Warsaw-based artist Aleksandra Waliszewska paints the inner landscape of nightmares. With her rather primitive, naive style, her oil and gouache paintings also have an ostensible childlike sweetness which is belied by the horrific themes depicted. She is fascinated by themes of torture, sadomasochism, and the macabre, drawing from a variety of influences including Renaissance art, fairy tales, folklore, and horror movies. Her paintings are often inhabited by young women with an androgynous, waifish physique and uncanny children, alongside monstrous cats, spider-women, and other hybrids of beast and man. These strange beings perpetrate and have perpetrated upon them gruesome acts of violence and violation – the line is often blurred between prey and perpetrator. The subjects, whether victim or villain, tend to possess a malignant or sinisterly mischievous air.
As S. Elizabeth writes on Unquiet Things, “Whether against the backdrop of a well-lit classroom, a shadowy forest landscape, or the viscera-strewn confines of a dusty cave, madness, magic, and mythology cavort hand in bloody hand.” These morbid and perversely jovial scenes take place in eerie wastelands, lonely forests, empty and surreal wildernesses. I find her work to be reminiscent of the classic surrealist painter Leonora Carrington. Waliszewska is more inspired by historical art and the Quattrocento than contemporary movements, although she also takes imagery from modern sources such as video games. The Dark Arts: Aleksandra Waliszewska and Symbolism explains: “Drawing from the specifically Slavic histories of the Upiór (the living dead), Waliszewska claims her artistic and conceptual descendance from premodern art and Symbolist works of the late 19th and early 20th century from Nordic, Baltic, and Eastern European regions.”
Waliszewska’s dark, supernatural motifs come from a world that is intriguing and disquieting, a world both morally and aesthetically void. Faces have round holes in them through which the underlying anatomy is exposed; women open their skin to the viewer like robes; a pair of terrifyingly red eyes peers through a pink curtain like a wall of flesh; a bodiless head brushes its own hair with a severed hand. Multiple paintings depict groups of girls subjugated and chased like a herd of animals, fleeing through the woods with bleeding cuts all over their bodies, or with their ankle bones broken and protruding through the skin as they run in red high-heeled shoes. There is a sacrificial element to these group tableaux, as if they were enacting a ritual hunt. I love how the red cuts against their pale skin are so numerous that the girls resemble birch trees.
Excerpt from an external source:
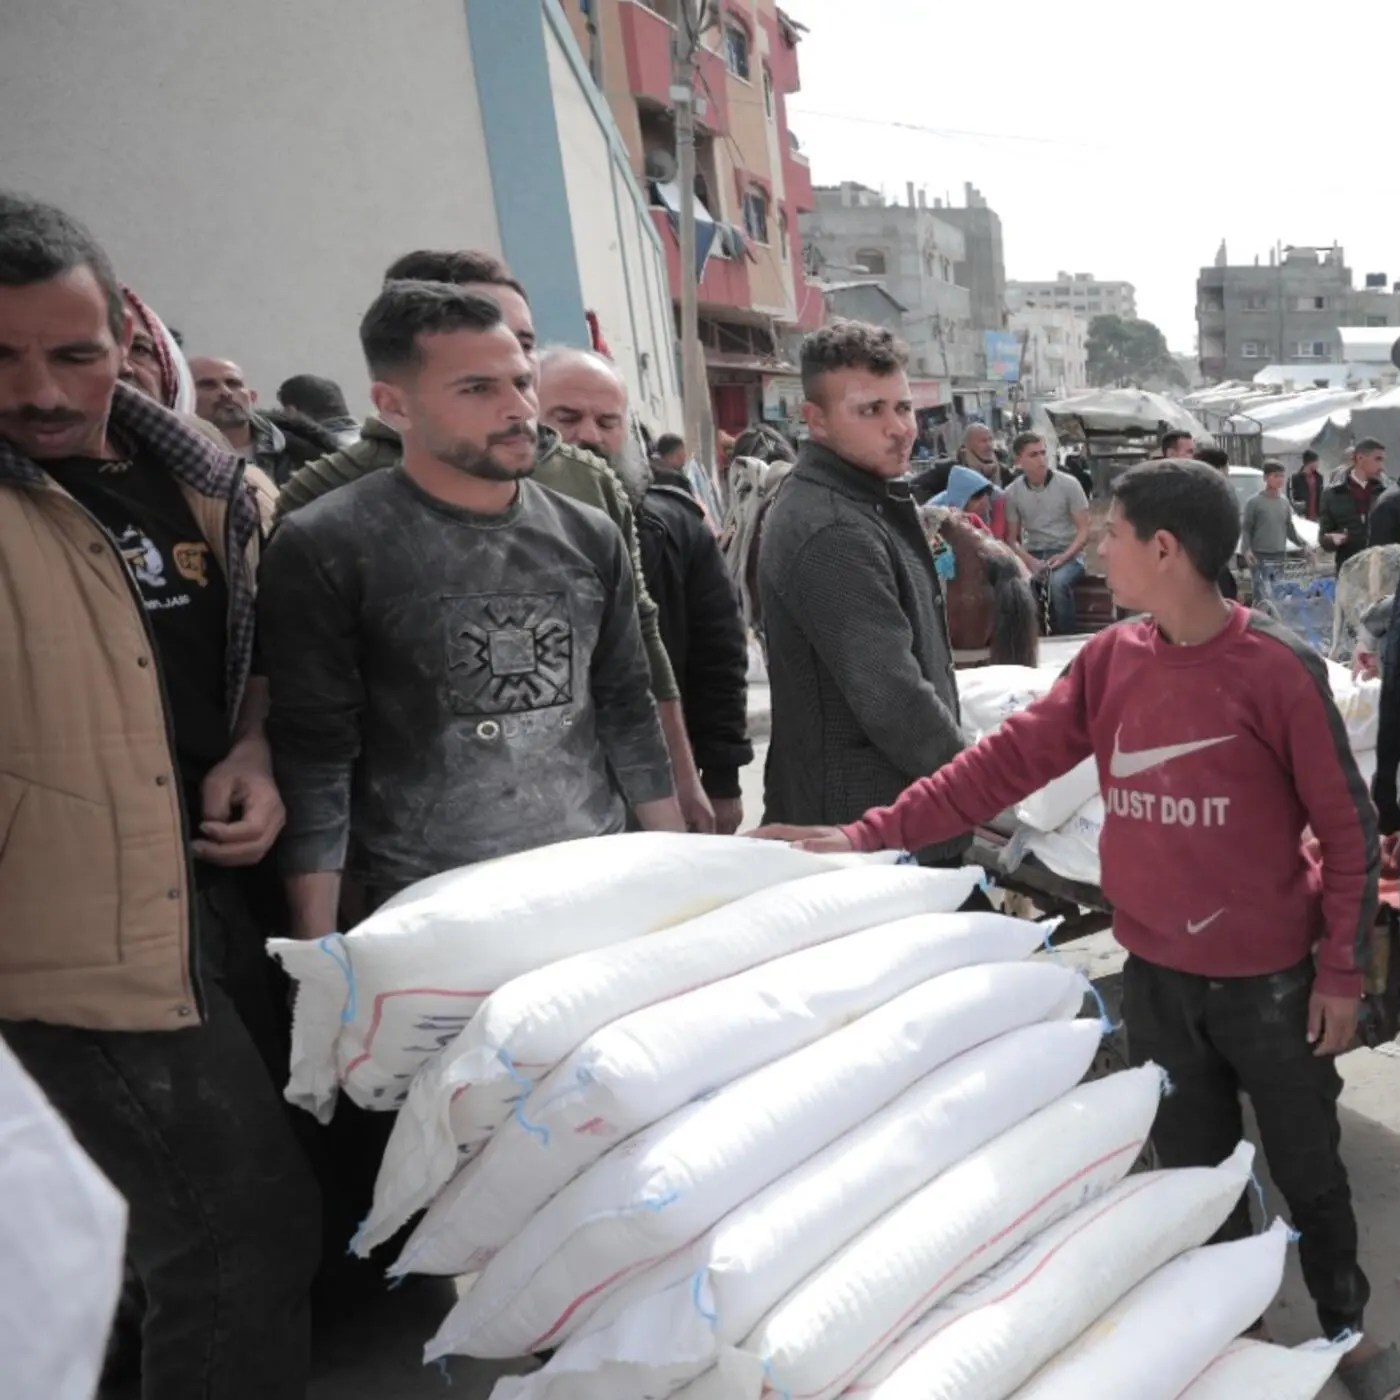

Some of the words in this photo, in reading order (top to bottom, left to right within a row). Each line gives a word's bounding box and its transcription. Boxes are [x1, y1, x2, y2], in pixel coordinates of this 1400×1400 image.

[1107, 787, 1156, 822] JUST
[1161, 796, 1196, 827] DO
[1203, 797, 1230, 827] IT
Agnieszka Le Nart describes her paintings as “disturbing [visions], as if taken out of a small girl’s nightmare,” and “perverse fairy-tales where the idyllic games of tiny heroines blend with sophisticated horrors and everything is interwoven with a strong eroticism….These little women can sometimes be victims, but other times they’re the initiators of violence; girlish innocence intertwines with something demonic and repulsive….The paintings include numerous archetypal images that resemble something from a medieval bestiary.” Uncomfortable to look at and focusing on imaginative expression rather than formal perfectionism, Waliszewska’s paintings have the immediacy of nightmares, direct and visceral yet enigmatic.
Aleksandra reaches into some dark subterranean elemental place where all things happen, forbidden and beautiful both.
— Susie Cave
Waliszewska’s art inspired the 2012 short film The Capsule, directed by Athina Rachel Tsangari, which looks utterly intriguing and reminds me of Lucile Hadžihalilović’s 2004 film Innocence. Co-written by Tsangari and Waliszewska herself, the plot description cryptically states: “Seven young women. A mansion perched on a Cycladic rock. A series of lessons on discipline, desire, discovery, and disappearance. A melancholy, inescapable cycle on the brink of womanhood — infinitely.”